Collection entries:
---+---

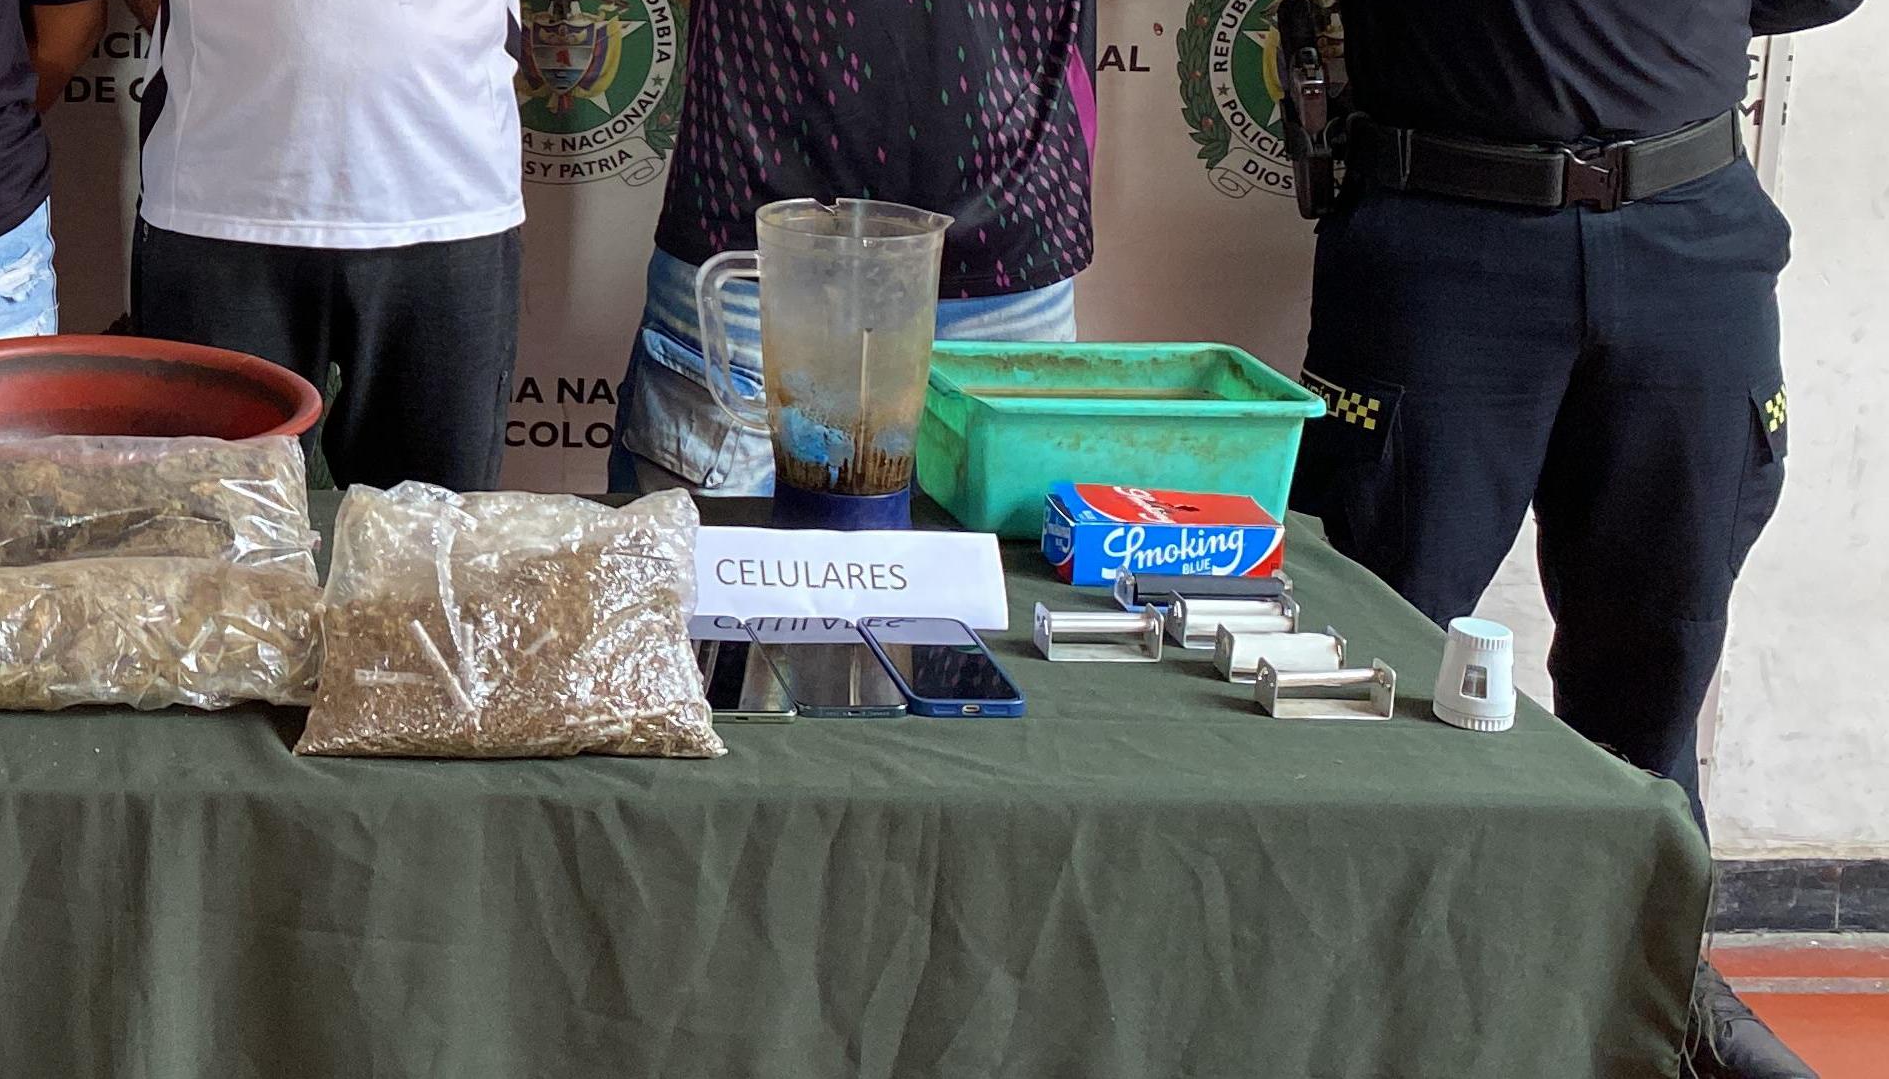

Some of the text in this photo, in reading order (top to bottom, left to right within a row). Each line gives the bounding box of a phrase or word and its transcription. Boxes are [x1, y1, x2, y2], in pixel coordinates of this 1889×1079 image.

[64, 76, 115, 104] DE
[560, 88, 661, 153] NACIONAL
[559, 148, 633, 179] PATRIA
[1242, 158, 1293, 190] DIOS
[505, 420, 614, 448] COLO
[1101, 526, 1245, 579] Smoking
[1181, 558, 1212, 575] BLUE
[715, 558, 908, 591] CELULARES

---+---

# Directions
Retype all the data exactly; skip the pictures.

# Your solution
Some of the text in this photo, in reading order (top to bottom, left to right within a row). Each line gives the bounding box of a phrase or word and its transcription. Boxes are [x1, y1, x2, y2], in pixel coordinates of this 1889×1079 image.

[64, 76, 115, 104] DE
[560, 88, 661, 153] NACIONAL
[559, 148, 633, 179] PATRIA
[1242, 158, 1293, 190] DIOS
[505, 420, 614, 448] COLO
[1101, 526, 1245, 579] Smoking
[1181, 558, 1212, 575] BLUE
[715, 558, 908, 591] CELULARES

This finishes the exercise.